Cherry had to catch herself with her body puppeteering technique as the most overwhelming weakness she'd ever felt overcame her. Daud was twitching on the ground now, but his eyes never left her.
Most of the clockwork soldiers were outfitted with blades or other weapons, but several were cranking massive music box-like devices that served as their torsos.
There were sea stones in those music boxes, Cherry realized, and their properties were somehow transmitted into sound and amplified further still.
"Incredible," Cherry marveled. "Had it been anyone but me, this trap would have killed them. Bad luck, that."
The first of the clockwork soldiers reached her and swung one of its blade arms at her. It thumped against her shoulder uselessly before she reached up and shattered it.
"I wouldn't want to fight a real threat in this kind of environment, but little ol' you is no big deal," Cherry said as she proceeded to turn the other clockwork soldiers to scrap.
Daud looked just a bit haunted as he stood up after the final music box stopped playing. He readied a sword and dagger and duplicated himself one final time. He wasn't running anymore.
Cherry smiled at him, then she moved.
…
"Back already?" Reiju asked as Cherry hopped through the window of their room.
"Indeed! I've got some fancy new trinkets too!" Cherry chirped. "I can't wait to show Franky and Usopp! They'll love them!"
"So where's Daud?" Nami questioned. "You didn't kill him, did you? Things will go a lot easier for Corvo if they have the actual assassin to put on trial."
"Of course he's still alive," Cherry huffed. "Do you think I'm some kind of brute?"
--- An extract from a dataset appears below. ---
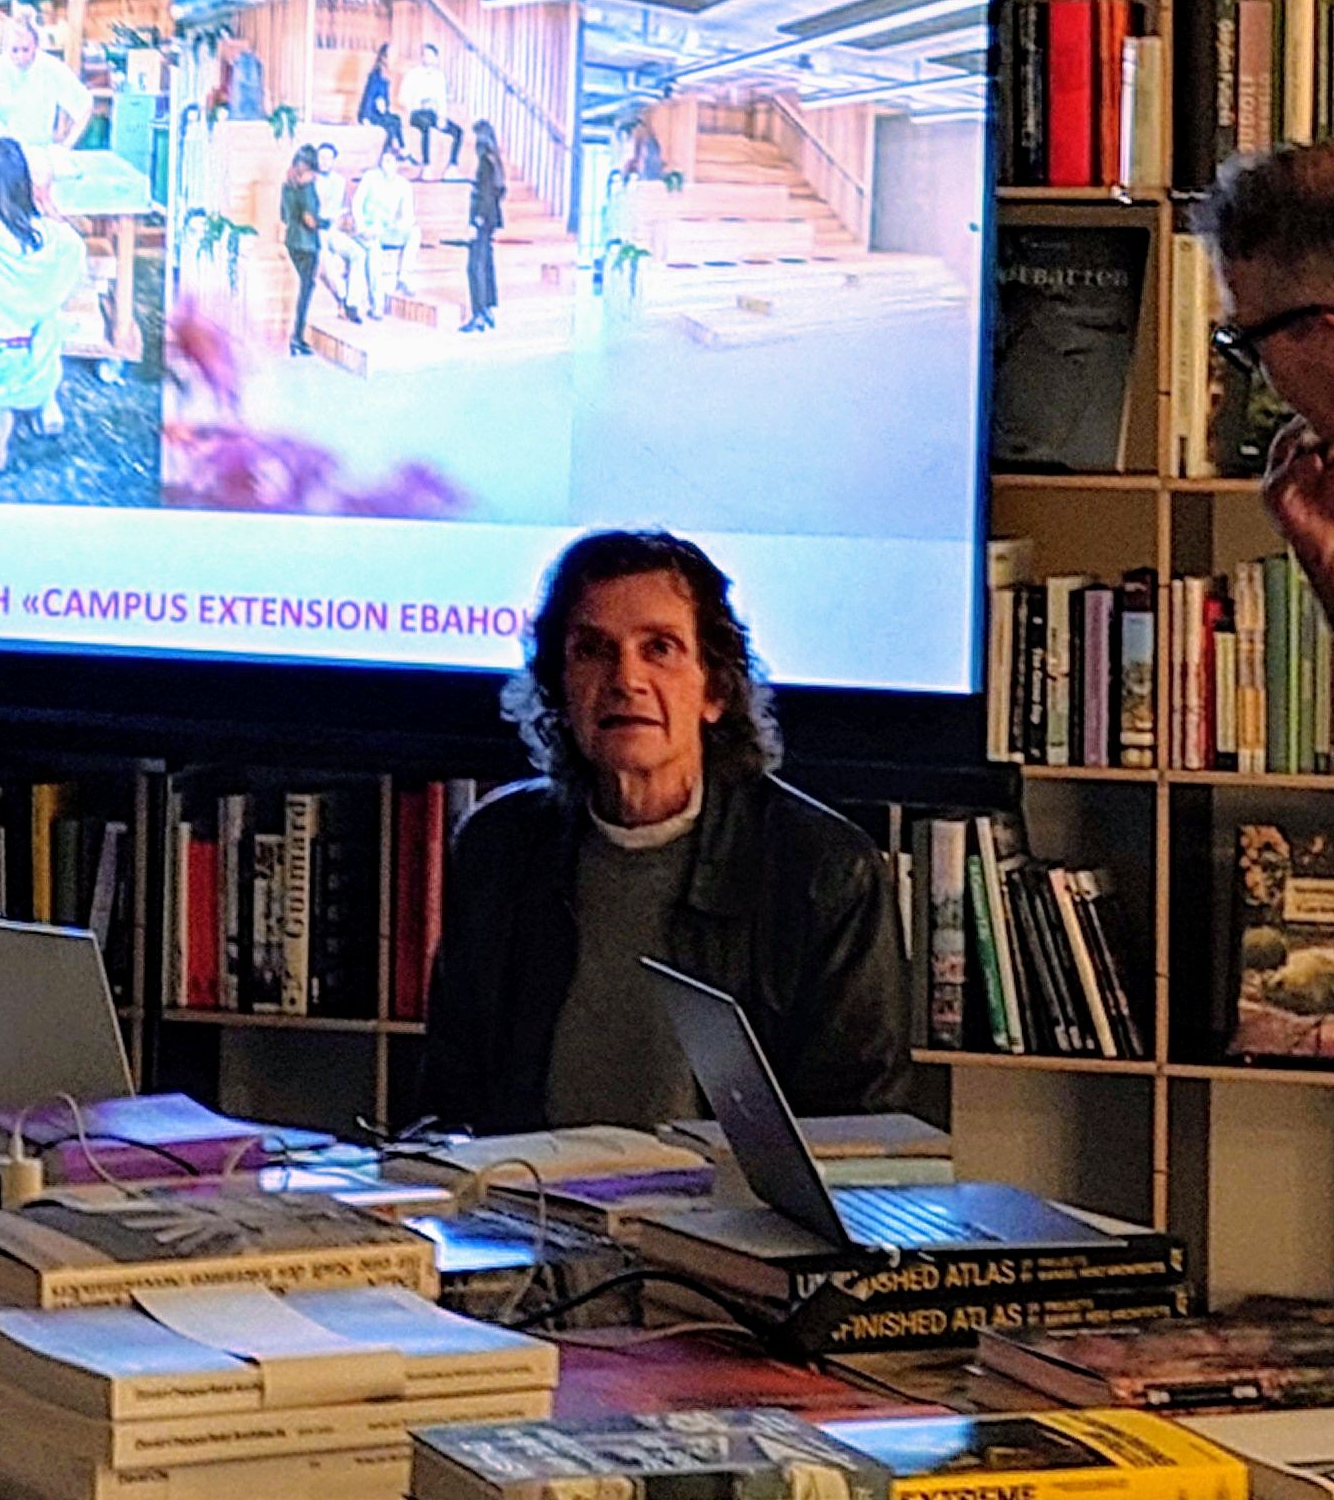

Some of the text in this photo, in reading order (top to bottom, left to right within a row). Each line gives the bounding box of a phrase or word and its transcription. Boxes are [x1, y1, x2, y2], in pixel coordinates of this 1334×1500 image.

Nami raised an eyebrow at her.
"I know how to hold back!" Cherry defended. "And if I didn't, I could still put him back together after breaking him!"
"Anyways, I stashed him in a safe place. He isn't going anywhere," Cherry claimed.
…
When Daud awoke, he was greeted by an impossible reality.
He laid upon a bed of clouds, not mere water vapor but as soft as the finest feather down.
Daud didn't believe in any afterlife, but he'd been certain that if there was one, he wouldn't be going anywhere good. It was only this fact, along with his aching body from the beating he took, that told him he wasn't dead.
His back protested when he tried to sit up, so he just laid there as he looked around.
As unlikely as it seemed, he appeared to genuinely be lying on a cloud in the sky. To his left was a barrel labeled 'water' and a pile of hardtack. To his right there was a mini den den mushi in a terrarium filled with fresh leafy greens. On the terrarium's glass was a note that read, "Don't steal the snail's food, or I'll strangle you with your entrails."
Daud believed it.
At least he wasn't left to starve to death.